Step 6: Reassemble the Filter
Finally, re-insert the filter to its component, ensuring you have secured everything firmly, including supply lines and threaded openings.
1. Is Cleaning Water Filter Better than Replacing?
No. Eventually, a water filter will need replacing, especially if you’re using an activated carbon filter, which tends to have a limited lifespan compared to other filters.
But cleaning your filter per the manufacturer-recommended schedule will extend its life because this practice helps maintain component quality and reliability.
If you clean your water filter regularly, you will save money through fewer replacements.
2. How often Should I Clean my Water Filter?
As often as the manufacturer recommends. Different filters have varying cleaning cycles. The most common cleaning schedule is bi-annually.
Cleaning frequency may also depend on the volume of water passing through it, and other factors such as filter type or filtration stages.
If the water coming in your supply is hard or full of sediment, then a more regular cleaning schedule of say, one month, is recommended.
3. How do I Know When My Water Filter Needs to be Changed?
When the filter life cycle has been exhausted, then it’s time to change it. But changing your water filter may depend on a couple of other factors.
Besides the life cycle, you also need to account for the overall water condition and usage.

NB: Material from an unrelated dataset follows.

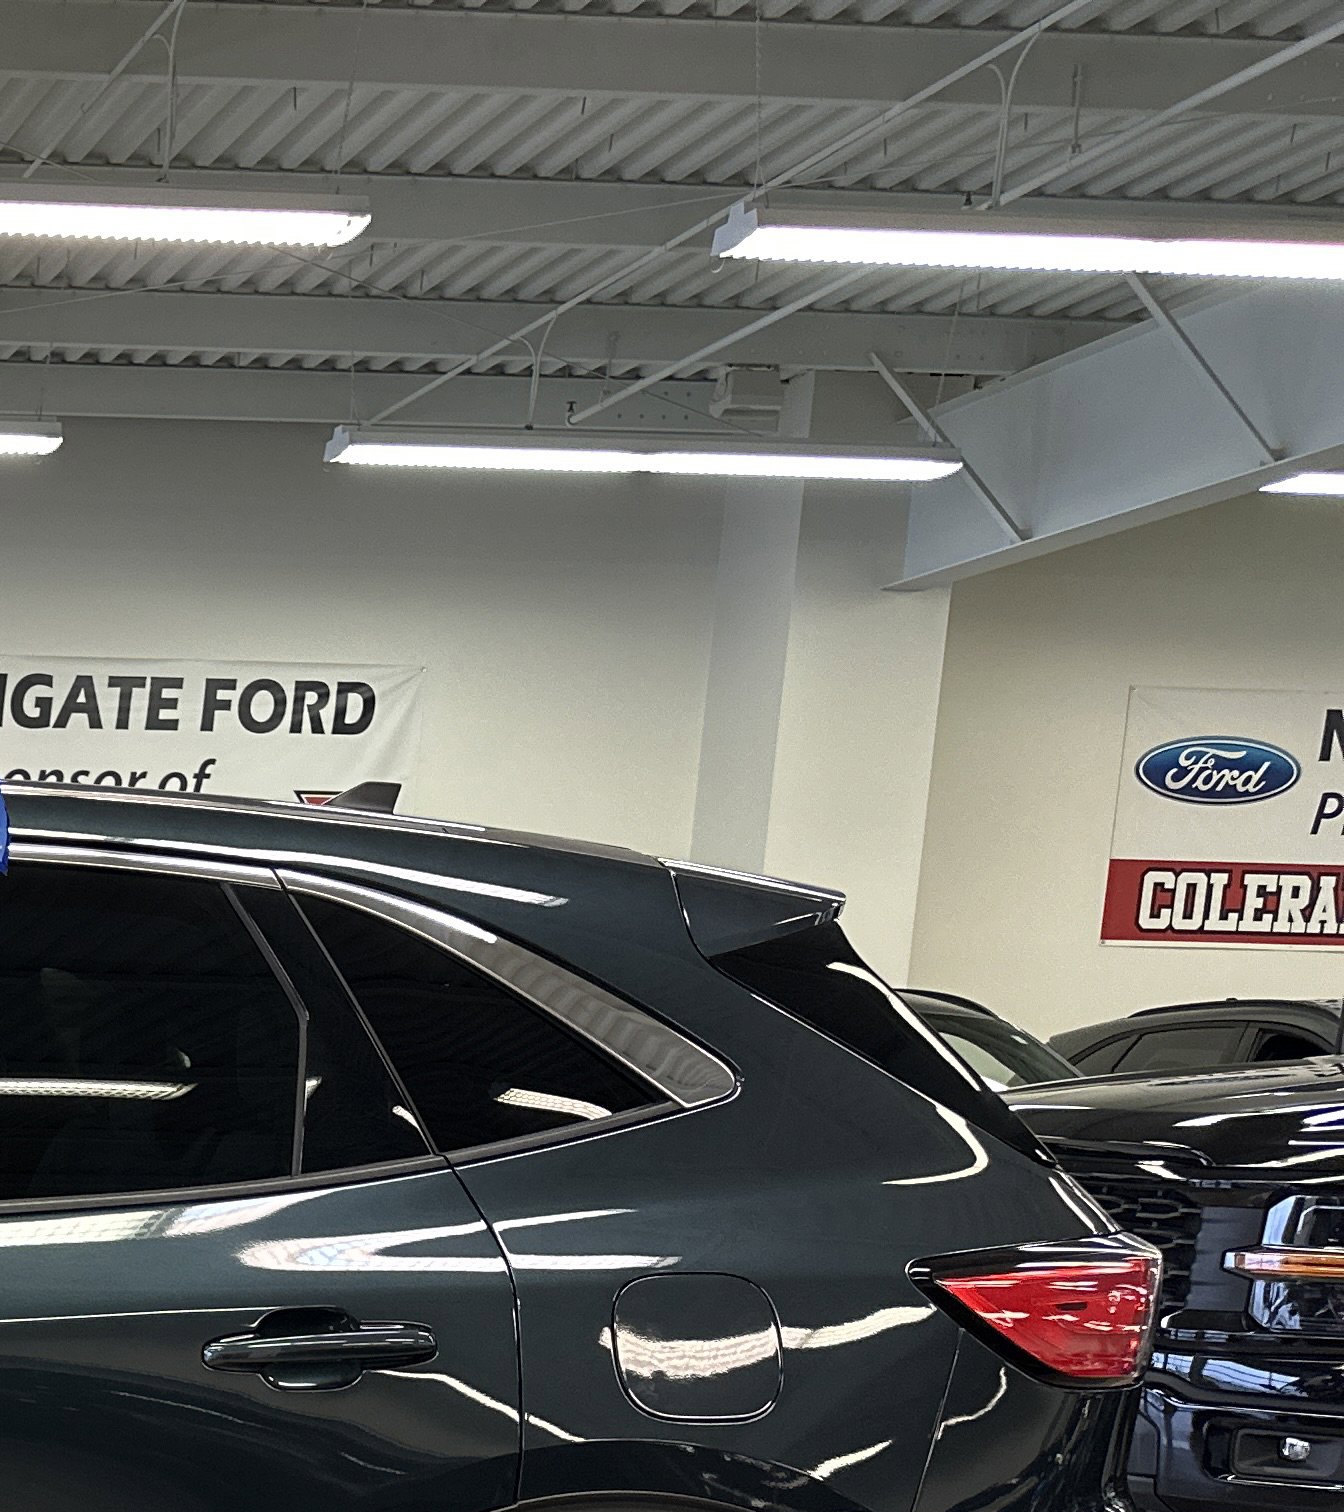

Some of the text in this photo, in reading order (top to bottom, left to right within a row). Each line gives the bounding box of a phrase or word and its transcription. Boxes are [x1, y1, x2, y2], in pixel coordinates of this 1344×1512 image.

[200, 677, 376, 735] FORD
[1164, 746, 1272, 793] Ford
[1138, 868, 1344, 935] COLERA

If your water is constantly hard, and/or if your water usage is higher than that of the average household, then filter replacement may be more frequent.
For an activated carbon filter, you’ll know its time to replace the component if it becomes clogged or ceases to attract contaminants and particles.
Cleaning your home water filter is a good maintenance practice that ensures the component is performing optimally while prolonging its life.
Although you’ll ultimately need to replace your water filter, cleaning it ensures the component cleans your water and rids it of contaminants such as pathogens and toxic metals
Ensure you adhere to the prescribed maintenance schedule and practices to get the best filter cleaning outcomes.